Giyeni güçlü eden, insan derisinden yapılma “nekro-pantolon” efsanesi

celikci

New member
Kısa yoldan güçlü olma fikri herkes tarafınca sevilse de, size bunu sağlayamayacaklar listesinin üst sıralarına yazabileceğimiz bir efsaniçin bahsetmek istiyoruz: “Nekro-pantolon” efsanesi…

Efsanelerde nábrækur yahut nábrók olarak da bilinen pantolonun bir çift insan bacak derisinden yapıldığı ve giyen bireye zenginlik getirdiği söyleniyor. Fakat katı bir dizi talimatı yerine getirmek gerekiyor.

Efsanenin bakılırsaceli olarak düzgün olan kısmında, bu nekro-pantolonların yapılabilmesi için “kaynağın” istekli bir iştirakçiden gelmesi gerekiyor. Yani, müstakbel kullanıcıların bir pantolon haline getirmedilk evvel, bir öbür bireyden öldükten daha sonra derilerini soymak için müsaade almaları gerekiyor.

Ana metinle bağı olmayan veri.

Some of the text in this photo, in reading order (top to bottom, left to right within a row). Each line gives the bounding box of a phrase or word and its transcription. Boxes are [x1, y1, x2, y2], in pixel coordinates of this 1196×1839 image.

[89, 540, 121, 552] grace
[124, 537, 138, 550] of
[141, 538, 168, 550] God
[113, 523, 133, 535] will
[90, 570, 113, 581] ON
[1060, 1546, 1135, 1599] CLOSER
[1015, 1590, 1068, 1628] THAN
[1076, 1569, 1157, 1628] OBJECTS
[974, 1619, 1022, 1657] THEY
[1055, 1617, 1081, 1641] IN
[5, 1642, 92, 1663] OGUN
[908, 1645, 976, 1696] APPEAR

Efsaneye göre bir büyücü, ceset gömülene kadar beklemeli, daha sonra kazarak yine dışarı çıkartması ve akabinde kazara rastgele bir delik açmadan belden aşağısının derisini yüzmesi gerekiyor. Vefattan daha sonra derinin ne kadar çabuk bozulmaya başladığı düşünülürse bunun kolay olmadığı açık, lakin başarılı olan büyücüler, giyilmeye hazır bir nekro-pantolona sahip oluyor.

Nekro-pantolonu giydikten daha sonra, deri pantolonun testis torbasına (skrotum) yakın küçük bir yarık haricinde kullanıcıyla kaynaşacağı söyleniyor. Atlas Obscura’ya bakılırsa bu cep, bir parşömen kesimi üzerine yazılmış büyülü bir İzlanda sembolü (Nábrókarstafur) ve epeyce yoksul bir dul bayandan dini açıdan değerli bir vakitte çalınması gereken bir madeni para için bir depolama bölgesi olarak hayati bir rol oynuyor. Nekro-pantolon tamamlandıktan daha sonra, skrotum daima olarak madeni paralarla dolduğundan dolayı, giyen şahsa büyük zenginlikler getiriyor.

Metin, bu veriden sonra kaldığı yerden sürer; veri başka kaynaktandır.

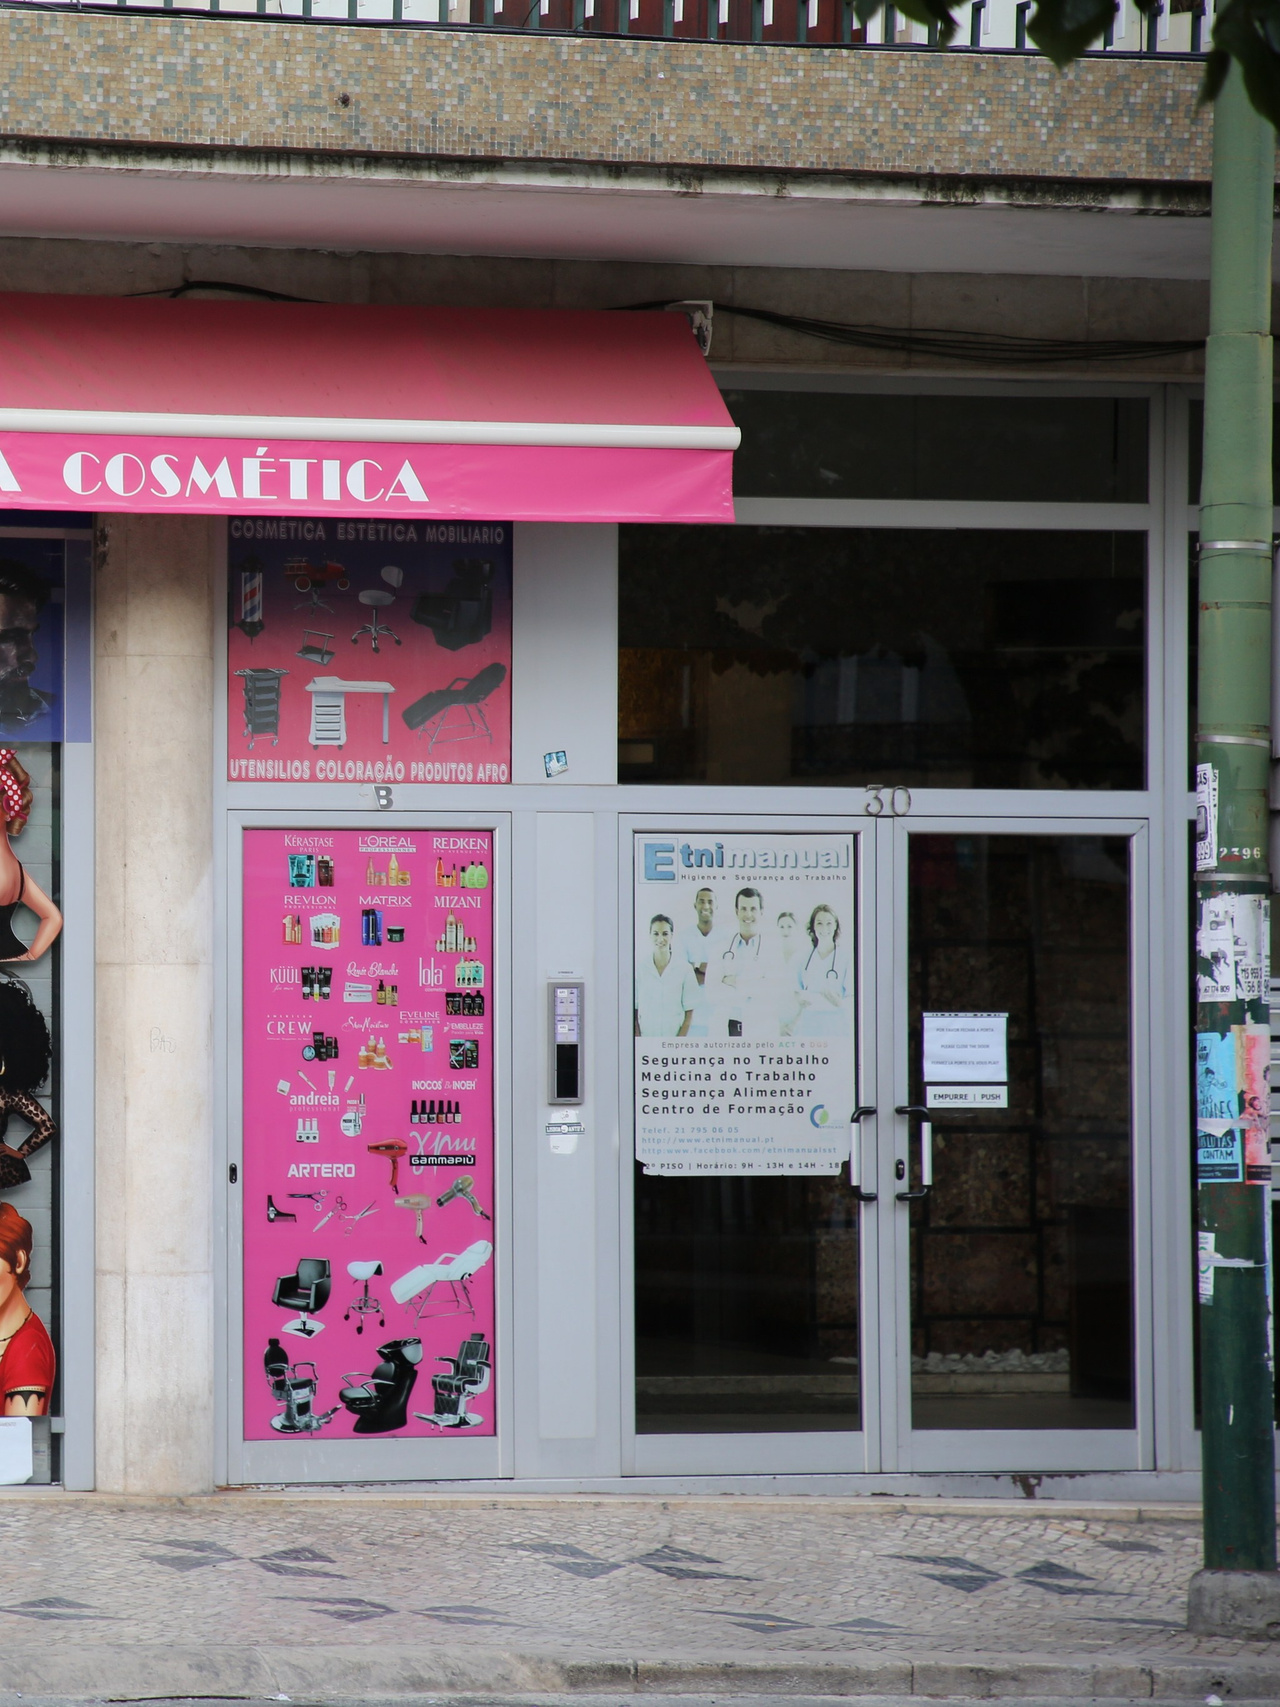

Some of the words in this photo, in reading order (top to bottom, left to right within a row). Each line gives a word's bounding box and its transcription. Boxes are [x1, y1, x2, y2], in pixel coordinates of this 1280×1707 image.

[62, 447, 430, 503] COSMÉTICA
[231, 516, 326, 541] COSMÉTICA
[336, 518, 418, 542] ESTÉTICA
[425, 525, 505, 545] MOBILIARIO
[229, 759, 311, 780] UTENSILIOS
[315, 755, 406, 783] COLORAÇÃO
[410, 762, 474, 782] PRODUTOS
[476, 763, 509, 783] AFRO
[372, 785, 394, 809] B
[865, 784, 911, 816] 30
[284, 834, 334, 848] KÉRASTASE
[433, 836, 488, 850] REDKEN
[644, 842, 850, 881] Etnimanual
[681, 873, 717, 882] Higiene
[734, 874, 784, 882] Segurança
[284, 895, 337, 905] REVLON
[359, 895, 412, 905] MATRIX
[433, 896, 482, 909] MIZANI
[270, 966, 301, 984] KÜÜL
[399, 1010, 440, 1020] EVELINE
[267, 1021, 312, 1035] CREW
[662, 1041, 701, 1050] Empresa
[703, 1041, 752, 1049] autorizada
[755, 1041, 774, 1050] pelo
[641, 1055, 725, 1068] Segurança
[733, 1056, 751, 1065] no
[758, 1054, 830, 1066] Trabalho
[641, 1070, 712, 1082] Medicina
[720, 1070, 738, 1082] do
[745, 1070, 816, 1082] Trabalho
[411, 1080, 443, 1090] INOCOS
[289, 1091, 340, 1105] andreia
[641, 1087, 725, 1100] Segurança
[733, 1086, 813, 1098] Alimentar
[933, 1093, 968, 1101] EMPURRE
[981, 1093, 1001, 1101] PUSH
[641, 1103, 695, 1115] Centro
[702, 1103, 721, 1115] de
[728, 1103, 805, 1117] Formação
[287, 1163, 356, 1178] ARTERO
[696, 1160, 738, 1169] Horário:

Başka birinin derisini giydiğiniz gerçeğinin ötesinde en büyük olumsuz yanı, pek önemli bir bedeli de birlikteinde getirmesiydi. Tam olarak bu bedel, ebedi olarak cehenneme gönderilmeniz. Ancient Origins, bu makûs bahttan kaçınmanın tek yolunun, zangin olduktan daha sonra birini pantolonu sizden almaya ikna etmek olduğunu yazıyor.

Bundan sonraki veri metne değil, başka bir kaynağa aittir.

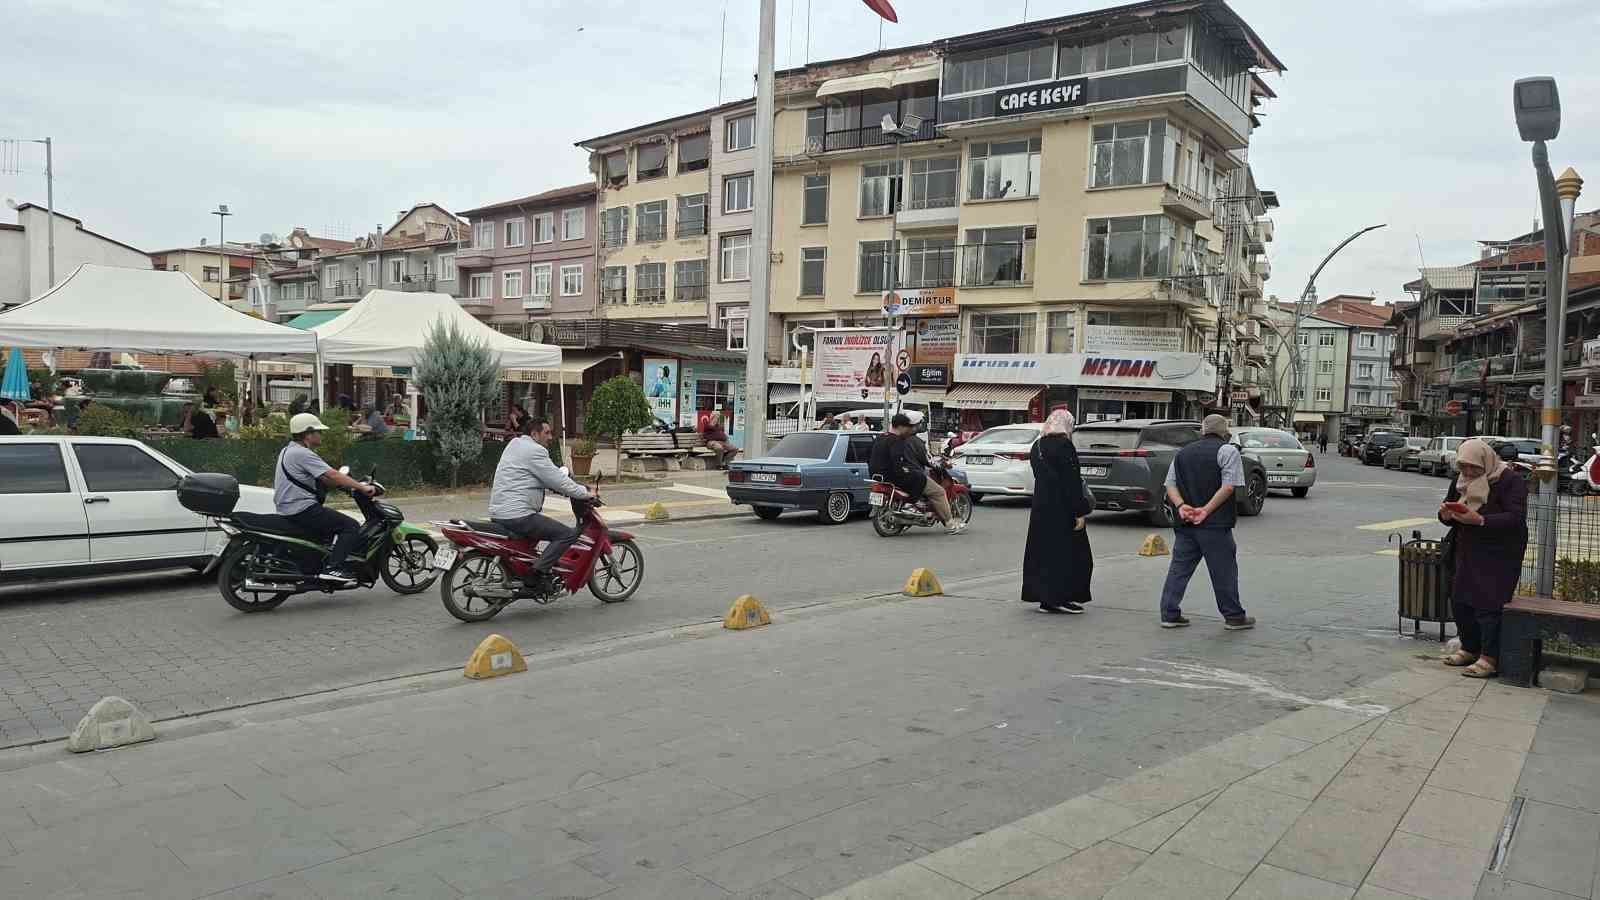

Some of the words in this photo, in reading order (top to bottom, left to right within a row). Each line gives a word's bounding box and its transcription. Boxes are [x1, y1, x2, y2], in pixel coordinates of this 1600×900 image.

[999, 90, 1038, 110] CAFE
[1040, 84, 1081, 105] KEYF
[902, 295, 952, 306] DEMİRTUR
[1081, 357, 1158, 378] MEYDAN

İzlanda Büyücülük ve Cadılık Müzesi’nde sergilenen, sahne dizayncısı Árni Páll Jóhannsson tarafınca hazırlanmış geçersiz bir nekro-pantolon bütün bu karanlık sahneyi tüm ihtişamıyla gösteriyor. her neyse ki, nekro-pantolonlar bir latife konusu olabiliyor, zira bilindiği kadarıyla, Ari Aster’ın Midsommar’ı haricinde hiç kimse insan derisinden bir pantolon yapmadı.

Hólmavík’teki İzlanda Büyücülük ve Cadılık Müzesi’ni yöneten Sigurður Atlason, “Birisi bana bunların gerçek olup olmadığını yahut bir çiftin var olup olmadığını sorduğunda, doğruyu söylemek zorunda kalıyorum” diyor ve ekliyor: “Nekro-pantolonlar sırf mahallî halk efsanelerinde var olmuştur.